Abstract During granulocytic differentiation of HL60 cells, immediate reduction of ouabain-sensitive potassium flux is observed within the first 12 hours of addition of dimethyl sulfoxide (DMSO). We show that gene expression of the alpha 3 isoform of Na+,K(+)-ATPase, which encodes an ouabain-inhibitable Na+,K(+)-ATPase activity, significantly declines during the first 24 hours of granulocytic differentiation by DMSO of HL60 cells. The more common alpha 1 isoform decreases, but more gradually over 72 hours of DMSO induction.

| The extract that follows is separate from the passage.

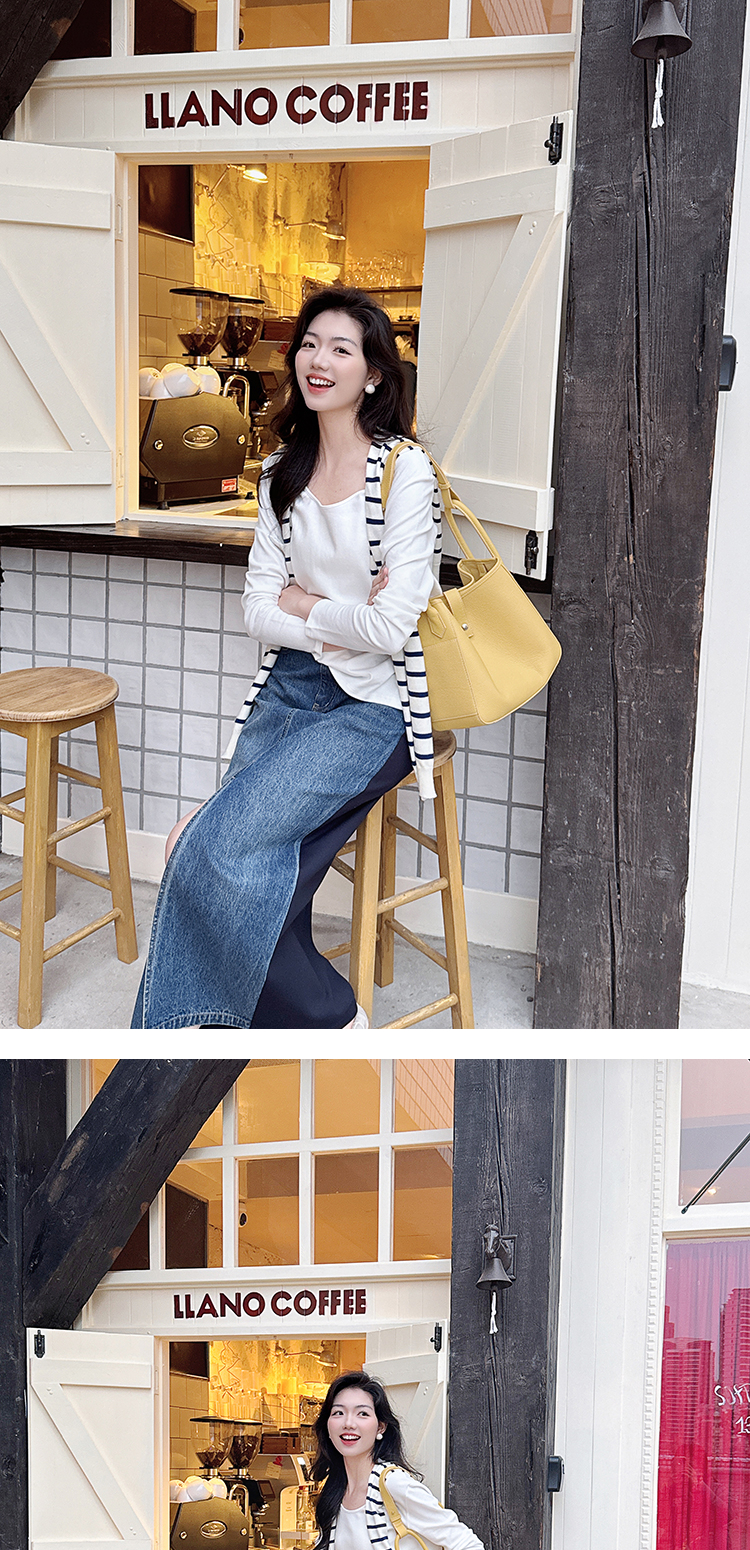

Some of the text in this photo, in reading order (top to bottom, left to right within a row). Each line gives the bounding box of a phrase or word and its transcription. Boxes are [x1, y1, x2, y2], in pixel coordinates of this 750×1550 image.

[145, 81, 429, 129] LLANO COFFEE
[173, 1288, 367, 1319] LLANO COFFEE

Loss of alpha 3 and alpha 1 messenger RNA (mRNA) are due to changes in mRNA decay; their transcription is not altered. alpha 3 mRNA half-life is 3 hours in HL60 cells; upon induction by 16 hours of DMSO, it decreases to approximately 2 hours. alpha 1 transcripts are less sensitive to DMSO induction, with their half-life being 3.5 hours in HL60 cells; upon induction, their half-life decreases to 3 hours. Experiments measuring protein stability confirm that alpha 3 protein is more labile than alpha 1. In uninduced HL60 cells, alpha 3 membrane protein comprises 30% of the total alpha isoforms, and is less stable than alpha 1, with a protein half-life of only 9 hours. Upon DMSO induction, steady-state alpha 3 protein decreases markedly within 10 hours, whereas alpha 1 protein remains stable. These results show that posttranscriptional changes during induction play a major role in the differential regulation of alpha 1 and alpha 3 isoforms of Na+,K(+)-ATPase; regulation of the latter may be important for early granulocytic differentiation, or for one of the differentiated functions of mature granulocytes.